Task to carry out - All of the data below is to be copied again without changes.

Data -
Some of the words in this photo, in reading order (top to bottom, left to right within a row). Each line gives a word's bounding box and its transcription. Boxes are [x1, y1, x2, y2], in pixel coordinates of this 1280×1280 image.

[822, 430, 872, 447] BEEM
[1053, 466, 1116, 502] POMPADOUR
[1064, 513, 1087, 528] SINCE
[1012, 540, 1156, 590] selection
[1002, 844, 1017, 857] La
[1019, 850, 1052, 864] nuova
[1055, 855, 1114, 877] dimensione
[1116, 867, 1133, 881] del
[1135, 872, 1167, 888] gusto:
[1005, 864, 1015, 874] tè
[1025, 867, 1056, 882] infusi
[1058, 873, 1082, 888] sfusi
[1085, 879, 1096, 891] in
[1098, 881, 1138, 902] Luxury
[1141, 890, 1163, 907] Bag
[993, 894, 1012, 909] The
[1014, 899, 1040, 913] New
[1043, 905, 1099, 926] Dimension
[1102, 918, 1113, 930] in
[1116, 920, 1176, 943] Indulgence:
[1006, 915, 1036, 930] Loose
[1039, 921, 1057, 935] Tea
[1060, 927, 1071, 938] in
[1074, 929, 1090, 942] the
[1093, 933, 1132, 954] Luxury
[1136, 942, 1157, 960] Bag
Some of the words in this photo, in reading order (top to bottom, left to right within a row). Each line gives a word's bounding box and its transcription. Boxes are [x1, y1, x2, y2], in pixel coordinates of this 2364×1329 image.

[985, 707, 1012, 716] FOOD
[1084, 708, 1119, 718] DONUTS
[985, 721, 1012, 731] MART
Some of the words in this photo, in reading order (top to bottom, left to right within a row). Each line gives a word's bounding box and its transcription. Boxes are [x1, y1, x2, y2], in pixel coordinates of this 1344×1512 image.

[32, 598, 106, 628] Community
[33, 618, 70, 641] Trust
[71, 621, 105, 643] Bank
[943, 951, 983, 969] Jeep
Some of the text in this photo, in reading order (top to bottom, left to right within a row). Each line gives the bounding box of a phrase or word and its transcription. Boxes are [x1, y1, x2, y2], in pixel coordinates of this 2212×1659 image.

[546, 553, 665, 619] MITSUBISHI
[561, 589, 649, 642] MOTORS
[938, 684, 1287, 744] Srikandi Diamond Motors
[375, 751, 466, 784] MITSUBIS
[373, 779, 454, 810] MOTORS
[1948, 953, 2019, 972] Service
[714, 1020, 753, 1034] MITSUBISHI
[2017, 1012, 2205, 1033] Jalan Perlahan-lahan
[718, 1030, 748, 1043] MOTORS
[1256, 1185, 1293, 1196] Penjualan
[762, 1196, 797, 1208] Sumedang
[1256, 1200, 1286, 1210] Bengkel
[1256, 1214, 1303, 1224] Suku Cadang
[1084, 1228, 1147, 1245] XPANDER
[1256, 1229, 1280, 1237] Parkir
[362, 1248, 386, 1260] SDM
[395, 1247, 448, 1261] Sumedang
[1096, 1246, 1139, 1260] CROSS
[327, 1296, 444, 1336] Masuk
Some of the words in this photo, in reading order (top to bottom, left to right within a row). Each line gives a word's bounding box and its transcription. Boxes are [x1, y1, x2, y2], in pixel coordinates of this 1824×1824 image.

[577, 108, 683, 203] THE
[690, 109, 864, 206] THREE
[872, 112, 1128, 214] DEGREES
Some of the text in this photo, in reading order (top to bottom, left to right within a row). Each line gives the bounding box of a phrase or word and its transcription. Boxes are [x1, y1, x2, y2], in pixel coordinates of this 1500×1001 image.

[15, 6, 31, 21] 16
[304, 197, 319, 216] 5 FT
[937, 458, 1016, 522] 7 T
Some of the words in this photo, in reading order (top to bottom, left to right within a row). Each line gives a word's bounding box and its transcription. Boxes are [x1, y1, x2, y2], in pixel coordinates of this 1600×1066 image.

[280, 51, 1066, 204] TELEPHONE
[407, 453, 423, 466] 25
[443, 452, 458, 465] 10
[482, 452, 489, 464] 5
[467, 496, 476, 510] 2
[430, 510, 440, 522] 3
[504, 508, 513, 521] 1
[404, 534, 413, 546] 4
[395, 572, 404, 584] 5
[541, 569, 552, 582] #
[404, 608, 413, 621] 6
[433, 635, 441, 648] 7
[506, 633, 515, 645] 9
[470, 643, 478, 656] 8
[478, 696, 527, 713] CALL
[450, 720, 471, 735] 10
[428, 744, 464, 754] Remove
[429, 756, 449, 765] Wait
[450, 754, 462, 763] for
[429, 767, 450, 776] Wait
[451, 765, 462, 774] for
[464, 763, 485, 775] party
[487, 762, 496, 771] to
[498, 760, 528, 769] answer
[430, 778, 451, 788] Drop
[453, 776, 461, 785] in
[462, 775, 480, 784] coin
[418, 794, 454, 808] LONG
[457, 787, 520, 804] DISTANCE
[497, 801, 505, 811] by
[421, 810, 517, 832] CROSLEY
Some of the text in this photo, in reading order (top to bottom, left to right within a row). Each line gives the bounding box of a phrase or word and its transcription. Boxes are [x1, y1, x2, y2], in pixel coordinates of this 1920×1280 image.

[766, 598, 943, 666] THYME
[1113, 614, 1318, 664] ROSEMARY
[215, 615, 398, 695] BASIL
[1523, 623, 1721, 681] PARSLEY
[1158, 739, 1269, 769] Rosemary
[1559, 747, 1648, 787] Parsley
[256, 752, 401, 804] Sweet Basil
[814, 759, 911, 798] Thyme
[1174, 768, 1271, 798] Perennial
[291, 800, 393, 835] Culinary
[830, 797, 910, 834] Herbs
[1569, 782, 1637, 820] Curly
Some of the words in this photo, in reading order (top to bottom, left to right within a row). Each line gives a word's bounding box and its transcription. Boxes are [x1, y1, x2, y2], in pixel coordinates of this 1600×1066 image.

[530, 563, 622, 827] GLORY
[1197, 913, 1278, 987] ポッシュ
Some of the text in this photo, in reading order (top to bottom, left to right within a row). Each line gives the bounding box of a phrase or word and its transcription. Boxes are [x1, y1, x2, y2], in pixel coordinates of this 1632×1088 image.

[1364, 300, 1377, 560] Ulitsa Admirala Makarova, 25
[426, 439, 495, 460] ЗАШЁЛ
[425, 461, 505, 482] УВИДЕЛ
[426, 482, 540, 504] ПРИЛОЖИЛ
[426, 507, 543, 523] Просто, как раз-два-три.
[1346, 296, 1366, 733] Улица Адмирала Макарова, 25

Answer for this exercise -
Some of the words in this photo, in reading order (top to bottom, left to right within a row). Each line gives a word's bounding box and its transcription. Boxes are [x1, y1, x2, y2], in pixel coordinates of this 1280×1280 image.

[822, 430, 872, 447] BEEM
[1053, 466, 1116, 502] POMPADOUR
[1064, 513, 1087, 528] SINCE
[1012, 540, 1156, 590] selection
[1002, 844, 1017, 857] La
[1019, 850, 1052, 864] nuova
[1055, 855, 1114, 877] dimensione
[1116, 867, 1133, 881] del
[1135, 872, 1167, 888] gusto:
[1005, 864, 1015, 874] tè
[1025, 867, 1056, 882] infusi
[1058, 873, 1082, 888] sfusi
[1085, 879, 1096, 891] in
[1098, 881, 1138, 902] Luxury
[1141, 890, 1163, 907] Bag
[993, 894, 1012, 909] The
[1014, 899, 1040, 913] New
[1043, 905, 1099, 926] Dimension
[1102, 918, 1113, 930] in
[1116, 920, 1176, 943] Indulgence:
[1006, 915, 1036, 930] Loose
[1039, 921, 1057, 935] Tea
[1060, 927, 1071, 938] in
[1074, 929, 1090, 942] the
[1093, 933, 1132, 954] Luxury
[1136, 942, 1157, 960] Bag
Some of the words in this photo, in reading order (top to bottom, left to right within a row). Each line gives a word's bounding box and its transcription. Boxes are [x1, y1, x2, y2], in pixel coordinates of this 2364×1329 image.

[985, 707, 1012, 716] FOOD
[1084, 708, 1119, 718] DONUTS
[985, 721, 1012, 731] MART
Some of the words in this photo, in reading order (top to bottom, left to right within a row). Each line gives a word's bounding box and its transcription. Boxes are [x1, y1, x2, y2], in pixel coordinates of this 1344×1512 image.

[32, 598, 106, 628] Community
[33, 618, 70, 641] Trust
[71, 621, 105, 643] Bank
[943, 951, 983, 969] Jeep
Some of the text in this photo, in reading order (top to bottom, left to right within a row). Each line gives the bounding box of a phrase or word and its transcription. Boxes are [x1, y1, x2, y2], in pixel coordinates of this 2212×1659 image.

[546, 553, 665, 619] MITSUBISHI
[561, 589, 649, 642] MOTORS
[938, 684, 1287, 744] Srikandi Diamond Motors
[375, 751, 466, 784] MITSUBIS
[373, 779, 454, 810] MOTORS
[1948, 953, 2019, 972] Service
[714, 1020, 753, 1034] MITSUBISHI
[2017, 1012, 2205, 1033] Jalan Perlahan-lahan
[718, 1030, 748, 1043] MOTORS
[1256, 1185, 1293, 1196] Penjualan
[762, 1196, 797, 1208] Sumedang
[1256, 1200, 1286, 1210] Bengkel
[1256, 1214, 1303, 1224] Suku Cadang
[1084, 1228, 1147, 1245] XPANDER
[1256, 1229, 1280, 1237] Parkir
[362, 1248, 386, 1260] SDM
[395, 1247, 448, 1261] Sumedang
[1096, 1246, 1139, 1260] CROSS
[327, 1296, 444, 1336] Masuk
Some of the words in this photo, in reading order (top to bottom, left to right within a row). Each line gives a word's bounding box and its transcription. Boxes are [x1, y1, x2, y2], in pixel coordinates of this 1824×1824 image.

[577, 108, 683, 203] THE
[690, 109, 864, 206] THREE
[872, 112, 1128, 214] DEGREES
Some of the text in this photo, in reading order (top to bottom, left to right within a row). Each line gives the bounding box of a phrase or word and its transcription. Boxes are [x1, y1, x2, y2], in pixel coordinates of this 1500×1001 image.

[15, 6, 31, 21] 16
[304, 197, 319, 216] 5 FT
[937, 458, 1016, 522] 7 T
Some of the words in this photo, in reading order (top to bottom, left to right within a row). Each line gives a word's bounding box and its transcription. Boxes are [x1, y1, x2, y2], in pixel coordinates of this 1600×1066 image.

[280, 51, 1066, 204] TELEPHONE
[407, 453, 423, 466] 25
[443, 452, 458, 465] 10
[482, 452, 489, 464] 5
[467, 496, 476, 510] 2
[430, 510, 440, 522] 3
[504, 508, 513, 521] 1
[404, 534, 413, 546] 4
[395, 572, 404, 584] 5
[541, 569, 552, 582] #
[404, 608, 413, 621] 6
[433, 635, 441, 648] 7
[506, 633, 515, 645] 9
[470, 643, 478, 656] 8
[478, 696, 527, 713] CALL
[450, 720, 471, 735] 10
[428, 744, 464, 754] Remove
[429, 756, 449, 765] Wait
[450, 754, 462, 763] for
[429, 767, 450, 776] Wait
[451, 765, 462, 774] for
[464, 763, 485, 775] party
[487, 762, 496, 771] to
[498, 760, 528, 769] answer
[430, 778, 451, 788] Drop
[453, 776, 461, 785] in
[462, 775, 480, 784] coin
[418, 794, 454, 808] LONG
[457, 787, 520, 804] DISTANCE
[497, 801, 505, 811] by
[421, 810, 517, 832] CROSLEY
Some of the text in this photo, in reading order (top to bottom, left to right within a row). Each line gives the bounding box of a phrase or word and its transcription. Boxes are [x1, y1, x2, y2], in pixel coordinates of this 1920×1280 image.

[766, 598, 943, 666] THYME
[1113, 614, 1318, 664] ROSEMARY
[215, 615, 398, 695] BASIL
[1523, 623, 1721, 681] PARSLEY
[1158, 739, 1269, 769] Rosemary
[1559, 747, 1648, 787] Parsley
[256, 752, 401, 804] Sweet Basil
[814, 759, 911, 798] Thyme
[1174, 768, 1271, 798] Perennial
[291, 800, 393, 835] Culinary
[830, 797, 910, 834] Herbs
[1569, 782, 1637, 820] Curly
Some of the words in this photo, in reading order (top to bottom, left to right within a row). Each line gives a word's bounding box and its transcription. Boxes are [x1, y1, x2, y2], in pixel coordinates of this 1600×1066 image.

[530, 563, 622, 827] GLORY
[1197, 913, 1278, 987] ポッシュ
Some of the text in this photo, in reading order (top to bottom, left to right within a row). Each line gives the bounding box of a phrase or word and its transcription. Boxes are [x1, y1, x2, y2], in pixel coordinates of this 1632×1088 image.

[1364, 300, 1377, 560] Ulitsa Admirala Makarova, 25
[426, 439, 495, 460] ЗАШЁЛ
[425, 461, 505, 482] УВИДЕЛ
[426, 482, 540, 504] ПРИЛОЖИЛ
[426, 507, 543, 523] Просто, как раз-два-три.
[1346, 296, 1366, 733] Улица Адмирала Макарова, 25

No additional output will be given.